*** RECORDS PROVIDED Section Begins ***

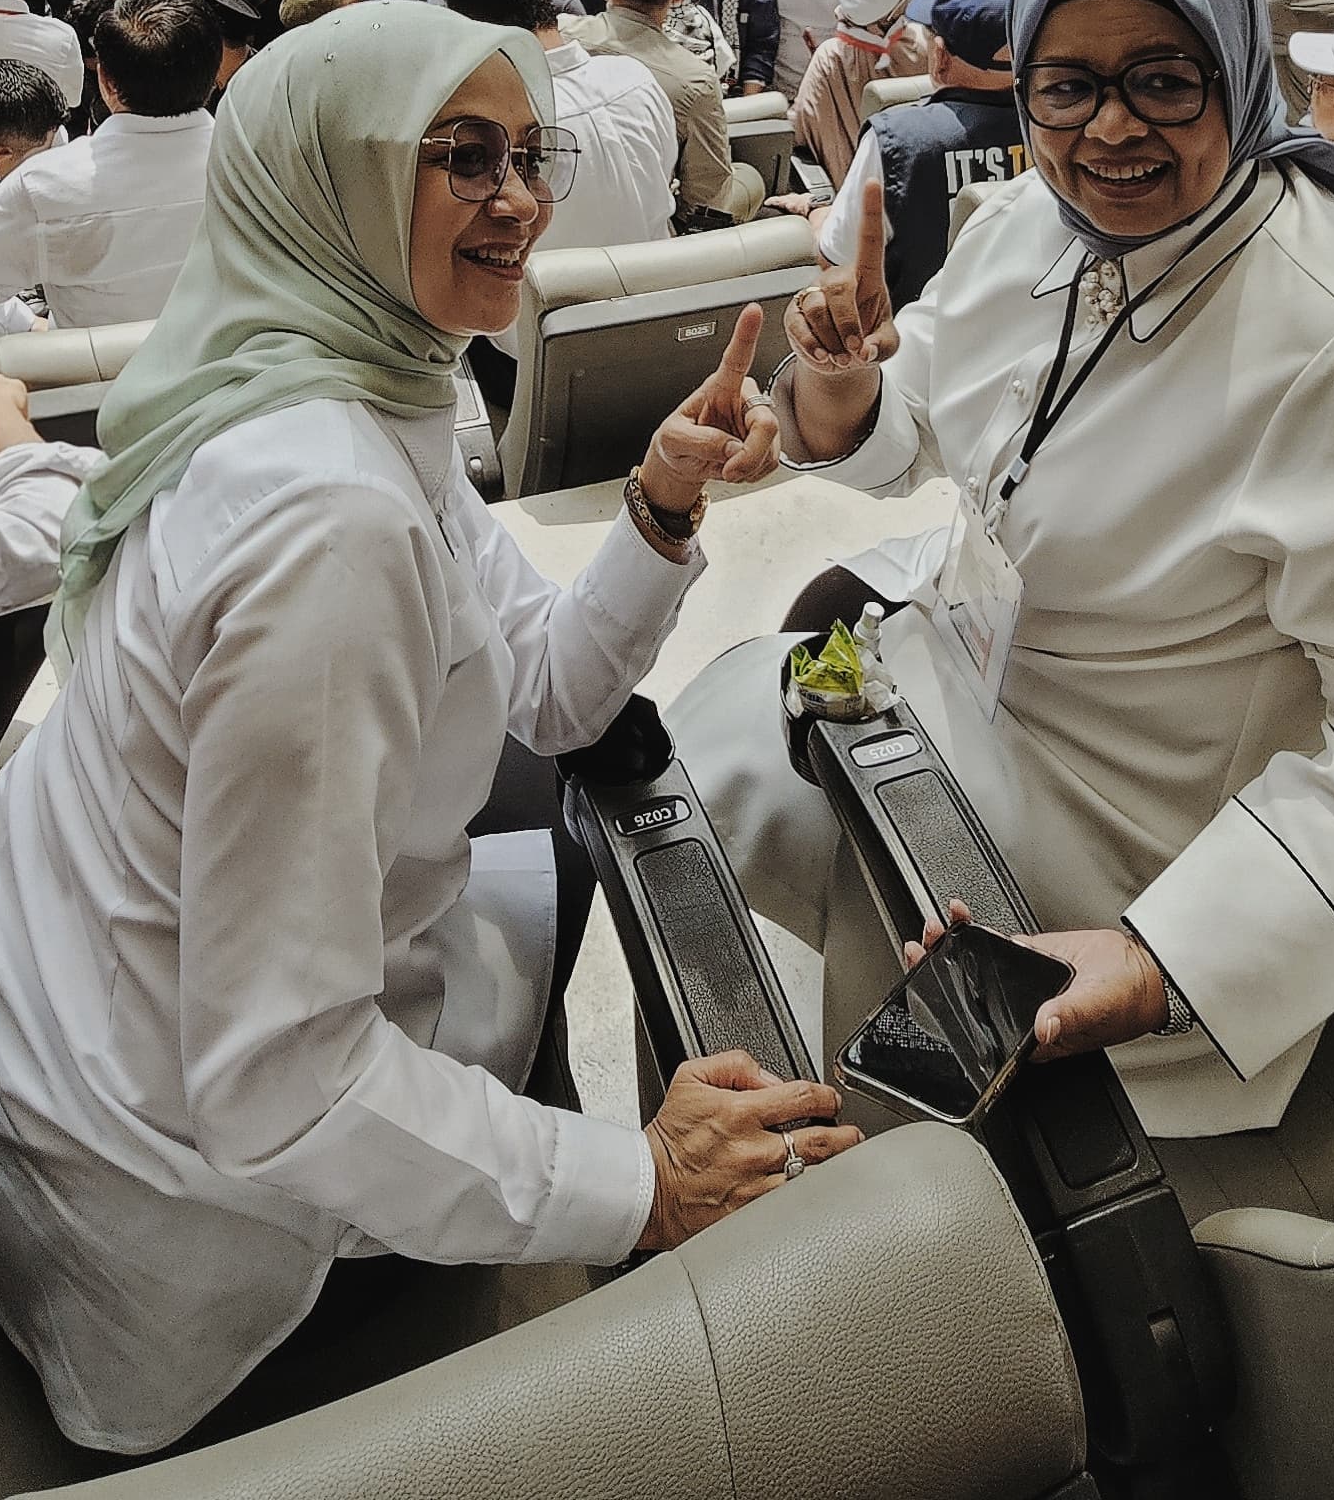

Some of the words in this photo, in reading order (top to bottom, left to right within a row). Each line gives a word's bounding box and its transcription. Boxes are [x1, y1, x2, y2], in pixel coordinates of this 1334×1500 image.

[945, 146, 1005, 194] IT'S
[869, 741, 904, 759] C025
[634, 807, 672, 827] C026
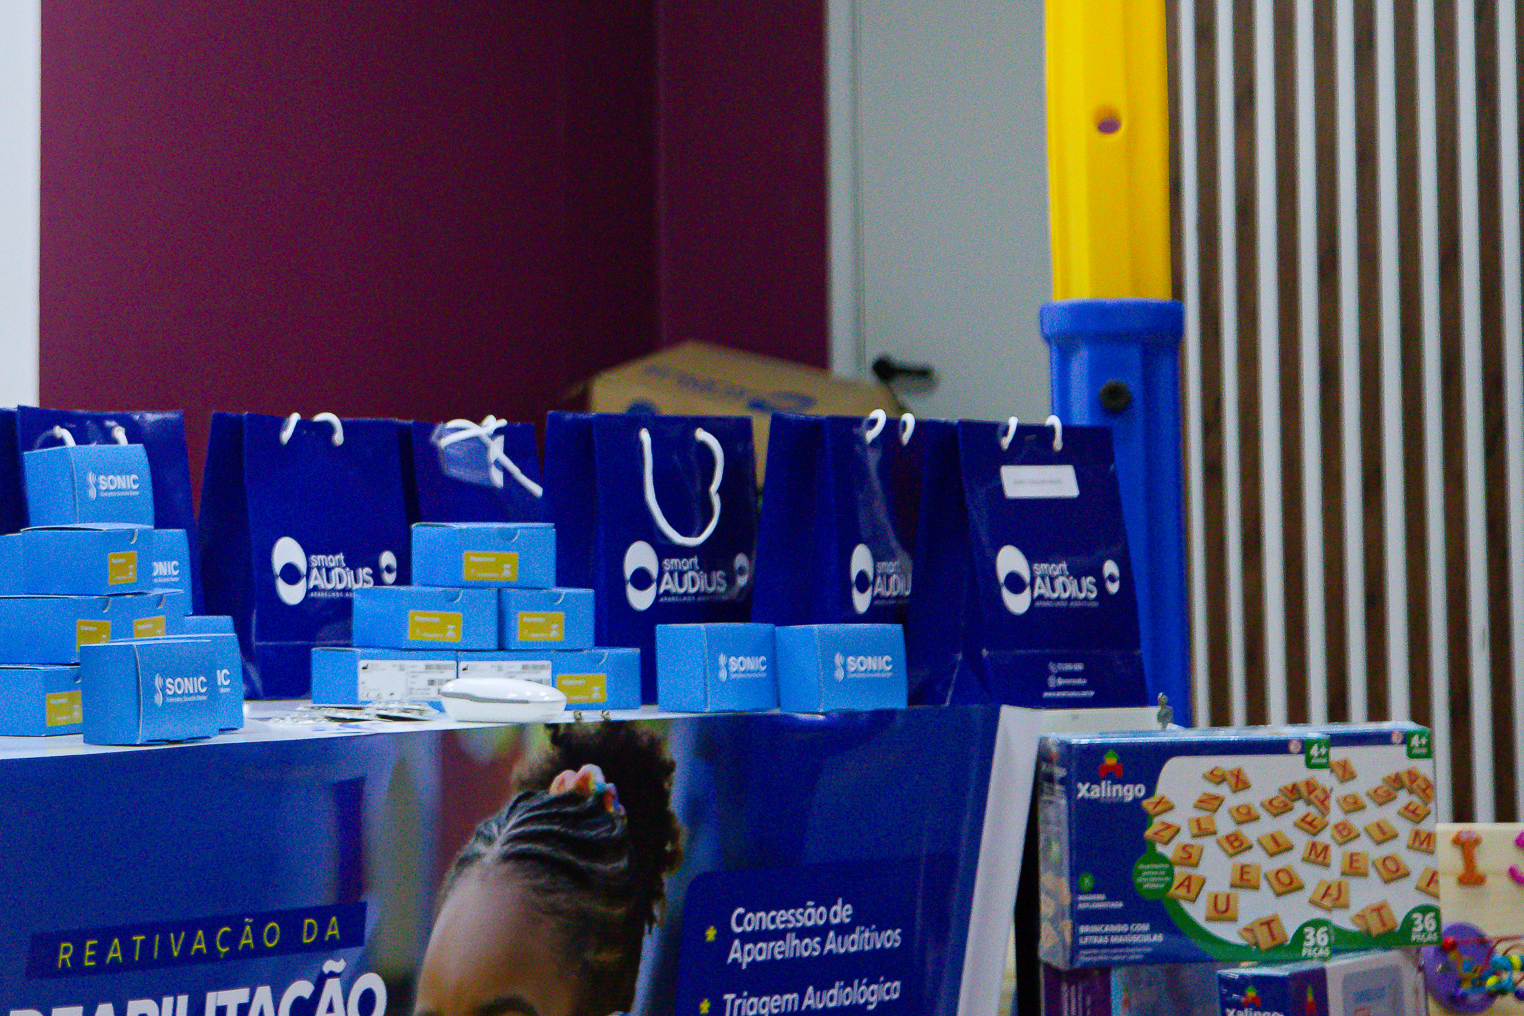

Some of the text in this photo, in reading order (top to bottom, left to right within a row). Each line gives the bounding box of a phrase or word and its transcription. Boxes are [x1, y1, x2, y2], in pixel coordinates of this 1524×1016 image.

[98, 473, 140, 491] SONIC
[152, 560, 180, 576] ONIC
[309, 552, 346, 567] smart
[662, 556, 700, 570] smart
[1033, 561, 1069, 576] smart
[728, 655, 767, 672] SONIC
[846, 654, 893, 672] SONIC
[165, 676, 208, 696] SONIC
[1076, 780, 1146, 803] Xalingo
[730, 898, 853, 934] Concessão de
[1411, 912, 1437, 933] 36
[58, 916, 340, 969] REATIVAÇÃO DA
[1303, 926, 1329, 947] 36
[727, 925, 902, 969] Aparelhos Auditivos
[723, 977, 902, 1016] Triagem Audiológica
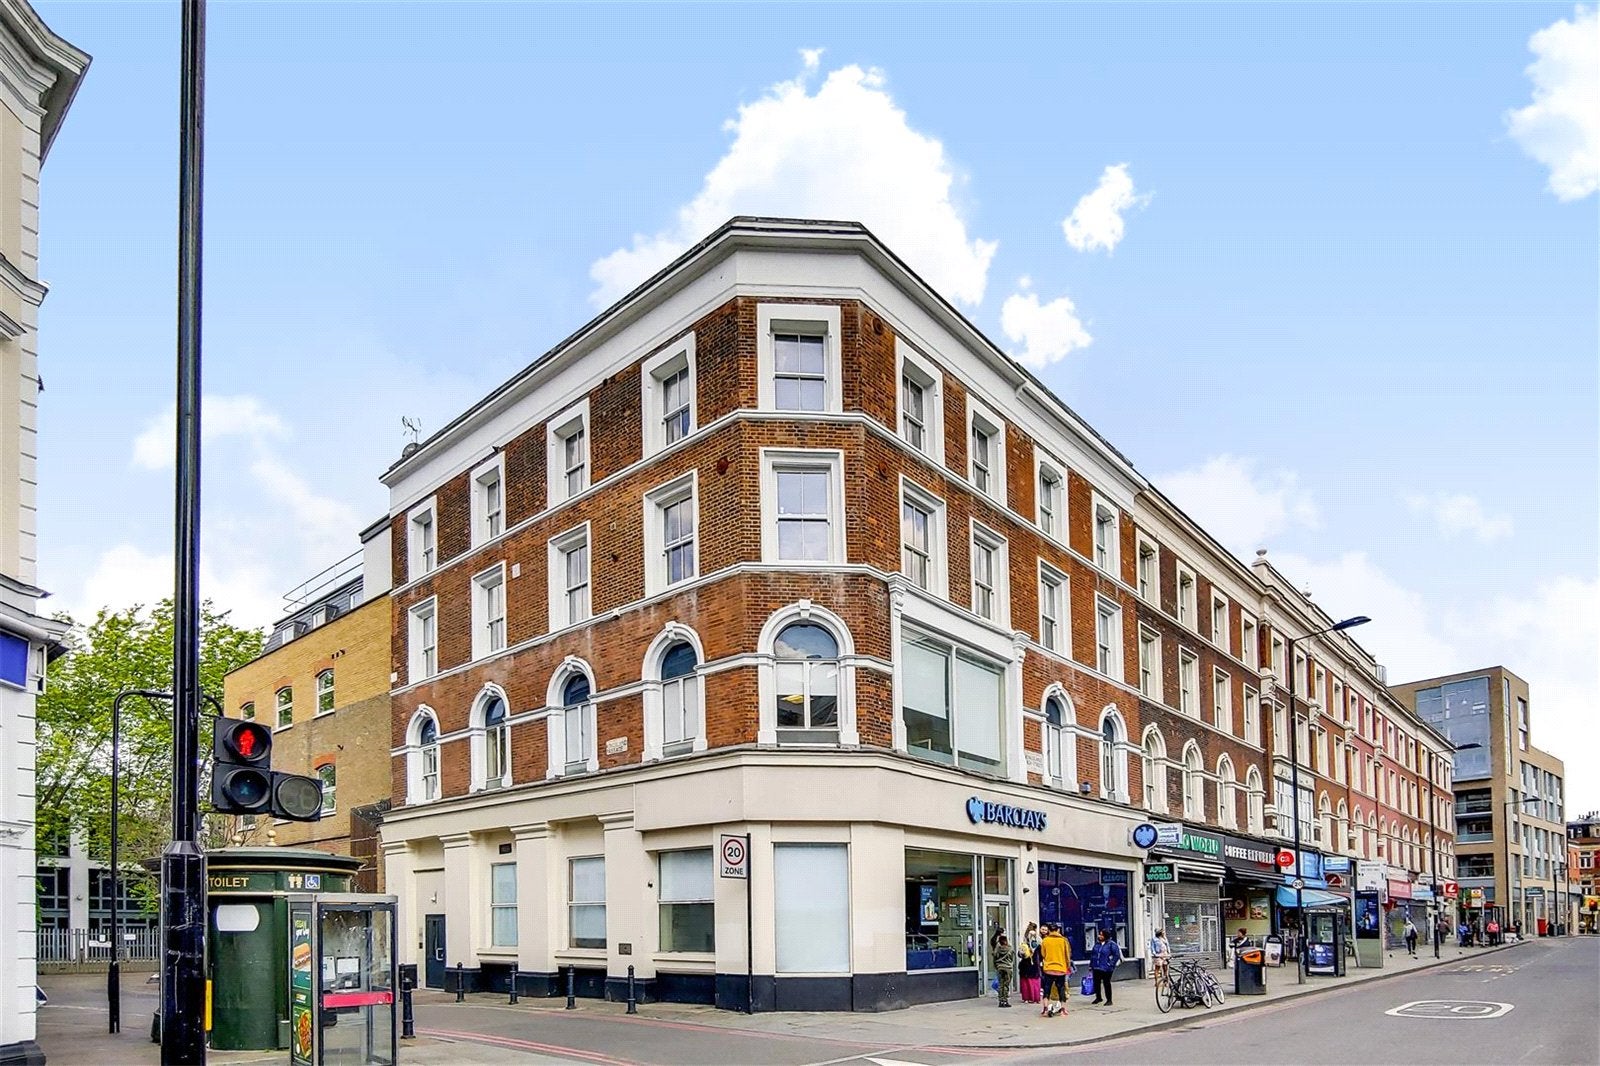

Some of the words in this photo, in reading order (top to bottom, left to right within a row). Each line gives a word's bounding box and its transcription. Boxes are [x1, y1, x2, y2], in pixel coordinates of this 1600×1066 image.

[982, 802, 1047, 830] BARCLAYS
[727, 847, 740, 857] 20
[1224, 845, 1247, 859] COFFEE
[725, 867, 743, 875] ZONE
[1146, 872, 1173, 881] WORLD
[209, 877, 249, 887] TOILET
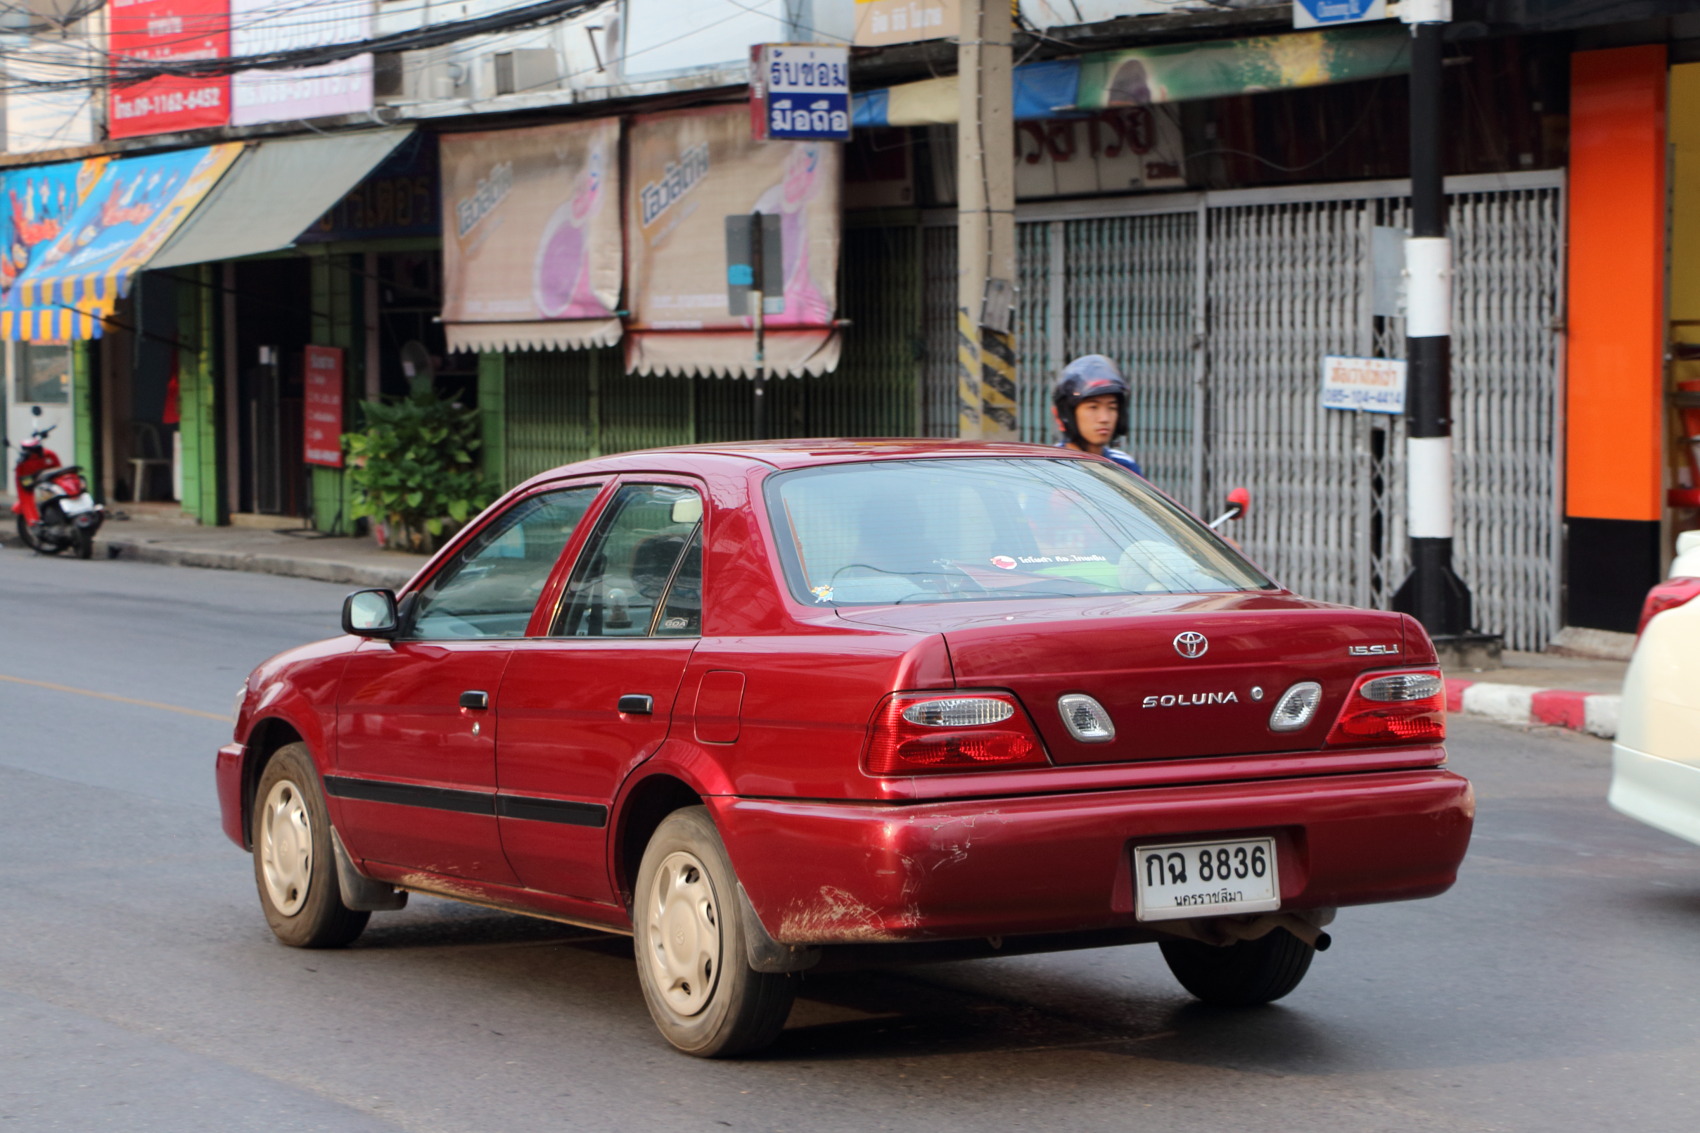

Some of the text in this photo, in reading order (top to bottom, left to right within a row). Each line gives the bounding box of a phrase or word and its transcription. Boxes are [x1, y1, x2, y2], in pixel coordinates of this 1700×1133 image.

[770, 50, 847, 87] รับซ่อม
[771, 99, 848, 132] มือถือ
[665, 618, 688, 629] GOA
[1142, 691, 1239, 709] SOLUNA
[1146, 845, 1266, 886] กฉ 8836
[1174, 888, 1243, 907] นครราชสีมา

*** RECORDS PROVIDED Section Ends ***

- PROBLEM: Return every record exactly, leaving out the pictures.

- REPLY TO THE TASK:
Some of the words in this photo, in reading order (top to bottom, left to right within a row). Each line gives a word's bounding box and its transcription. Boxes are [x1, y1, x2, y2], in pixel coordinates of this 1334×1500 image.

[945, 146, 1005, 194] IT'S
[869, 741, 904, 759] C025
[634, 807, 672, 827] C026

Some of the text in this photo, in reading order (top to bottom, left to right within a row). Each line gives the bounding box of a phrase or word and its transcription. Boxes are [x1, y1, x2, y2], in pixel coordinates of this 1524×1016 image.

[98, 473, 140, 491] SONIC
[152, 560, 180, 576] ONIC
[309, 552, 346, 567] smart
[662, 556, 700, 570] smart
[1033, 561, 1069, 576] smart
[728, 655, 767, 672] SONIC
[846, 654, 893, 672] SONIC
[165, 676, 208, 696] SONIC
[1076, 780, 1146, 803] Xalingo
[730, 898, 853, 934] Concessão de
[1411, 912, 1437, 933] 36
[58, 916, 340, 969] REATIVAÇÃO DA
[1303, 926, 1329, 947] 36
[727, 925, 902, 969] Aparelhos Auditivos
[723, 977, 902, 1016] Triagem Audiológica

Some of the words in this photo, in reading order (top to bottom, left to right within a row). Each line gives a word's bounding box and its transcription. Boxes are [x1, y1, x2, y2], in pixel coordinates of this 1600×1066 image.

[982, 802, 1047, 830] BARCLAYS
[727, 847, 740, 857] 20
[1224, 845, 1247, 859] COFFEE
[725, 867, 743, 875] ZONE
[1146, 872, 1173, 881] WORLD
[209, 877, 249, 887] TOILET

Some of the text in this photo, in reading order (top to bottom, left to right within a row). Each line gives the bounding box of a phrase or word and its transcription. Boxes are [x1, y1, x2, y2], in pixel coordinates of this 1700×1133 image.

[770, 50, 847, 87] รับซ่อม
[771, 99, 848, 132] มือถือ
[665, 618, 688, 629] GOA
[1142, 691, 1239, 709] SOLUNA
[1146, 845, 1266, 886] กฉ 8836
[1174, 888, 1243, 907] นครราชสีมา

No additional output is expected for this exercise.